While not typically aggressive, the snake often coils up and rattles its tail if disturbed, striking only if harassed or handled. Its venom is primarily hemotoxic, causing swelling and necrosis, but many populations of C. viridis are known to have a potent neurotoxic effect, as well, resulting in muscle paralysis and possibly respiratory failure. It is capable of delivering what is known as a "dry bite", in which no venom is injected at all, but a bite from any venomous snake should be considered serious and immediate treatment sought.

==Reproduction==
These snakes are ovoviviparous, breeding in the spring and giving birth to small clutches of four to six young in the early fall. The young are colored almost identical to the adults and are about 7.5 in in length. The young are typically more nervous than the adults, and they often strike repeatedly if harassed.
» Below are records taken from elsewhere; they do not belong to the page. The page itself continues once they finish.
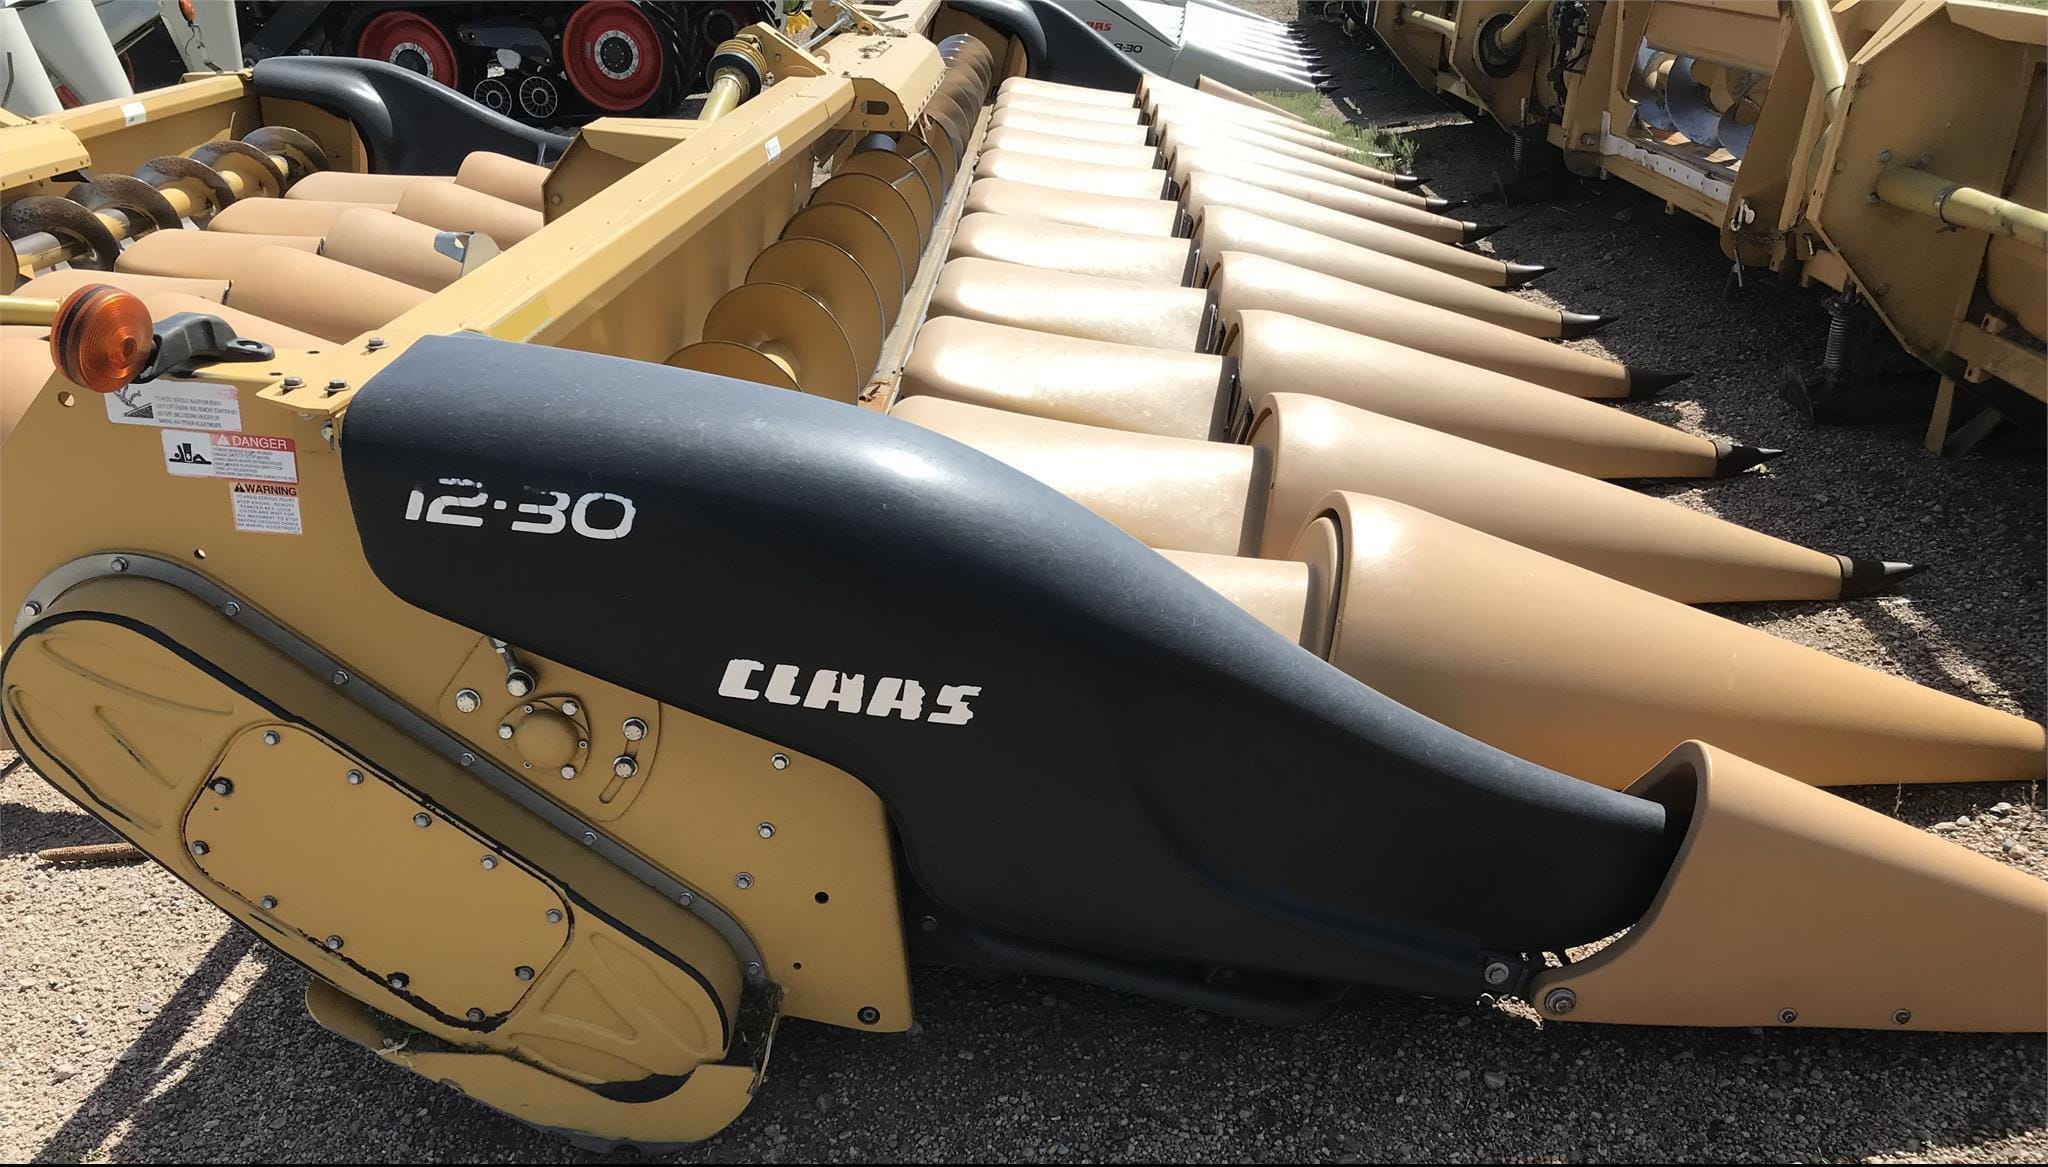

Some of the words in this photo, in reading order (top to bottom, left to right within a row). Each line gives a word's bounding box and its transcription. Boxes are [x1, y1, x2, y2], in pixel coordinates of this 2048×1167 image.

[231, 435, 288, 450] DANGER
[245, 484, 297, 496] WARNING
[718, 658, 983, 726] CLAAS
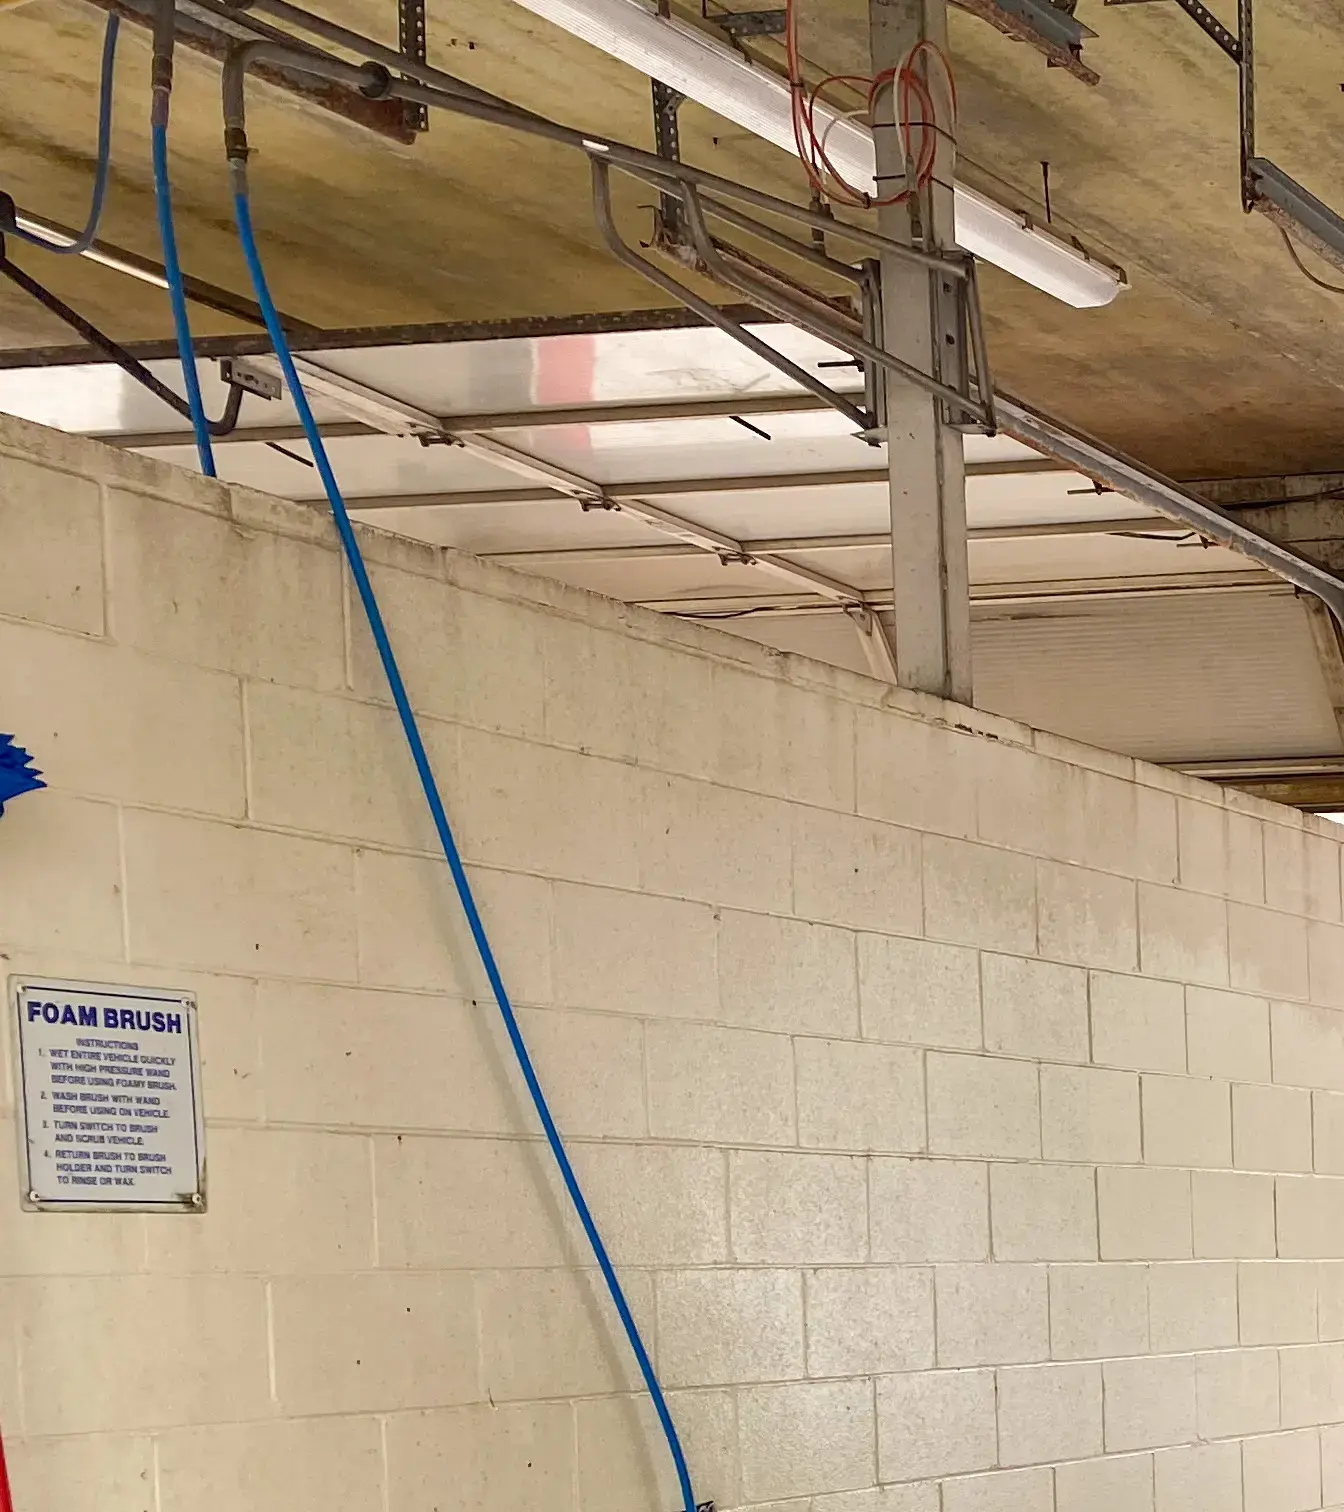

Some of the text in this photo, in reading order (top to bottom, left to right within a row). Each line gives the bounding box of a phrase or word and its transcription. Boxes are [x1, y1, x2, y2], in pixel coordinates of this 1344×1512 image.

[26, 1001, 182, 1034] FOAM BRUSH
[76, 1038, 138, 1050] INSTRUCTIONS
[49, 1049, 68, 1058] WET
[70, 1050, 102, 1060] ENTIRE
[103, 1052, 138, 1063] VEHICLE
[140, 1055, 176, 1065] QUICKLY
[50, 1062, 170, 1078] WITH HIGH PRESSURE WAND
[51, 1074, 86, 1084] BEFORE
[88, 1077, 114, 1086] USING
[116, 1079, 146, 1088] FOAMY
[52, 1092, 78, 1100] WASH
[80, 1092, 109, 1102] BRUSH
[111, 1094, 132, 1103] WITH
[135, 1096, 160, 1106] WAND
[53, 1104, 88, 1114] BEFORE
[90, 1106, 116, 1116] USING
[119, 1108, 132, 1116] ON
[54, 1120, 78, 1130] TURN
[80, 1122, 114, 1131] SWITCH
[115, 1124, 128, 1132] TO
[130, 1124, 158, 1133] BRUSH
[55, 1134, 73, 1142] AND
[76, 1134, 105, 1144] SCRUB
[56, 1150, 90, 1159] RETURN
[93, 1152, 122, 1160] BRUSH
[124, 1152, 136, 1160] TO
[138, 1152, 166, 1162] BRUSH
[56, 1163, 172, 1174] HOLDER AND TURN SWITCH
[57, 1176, 70, 1184] TO
[72, 1176, 98, 1185] RINSE
[100, 1178, 112, 1186] OR
They reach maturity between two and three years of age.

==Captivity==
C. v. nuntius is not commonly kept in captivity, and due to its relatively small range, it is not often collected from the wild. Captive breeding is not unknown, but is not commonplace. It is well represented in zoos throughout the United States, but other subspecies of C. v. viridis are more often kept.

==Mythology==
See main article: Snakes in mythology
In Hopi tradition, snakes are the guardians of springs. A traditional dance is done as a prayer to bring the rain. Snakes, though not exclusively the Hopi rattlesnake, are used in the ceremony and are released afterwards with the belief that they carry the prayers of the dancers with them.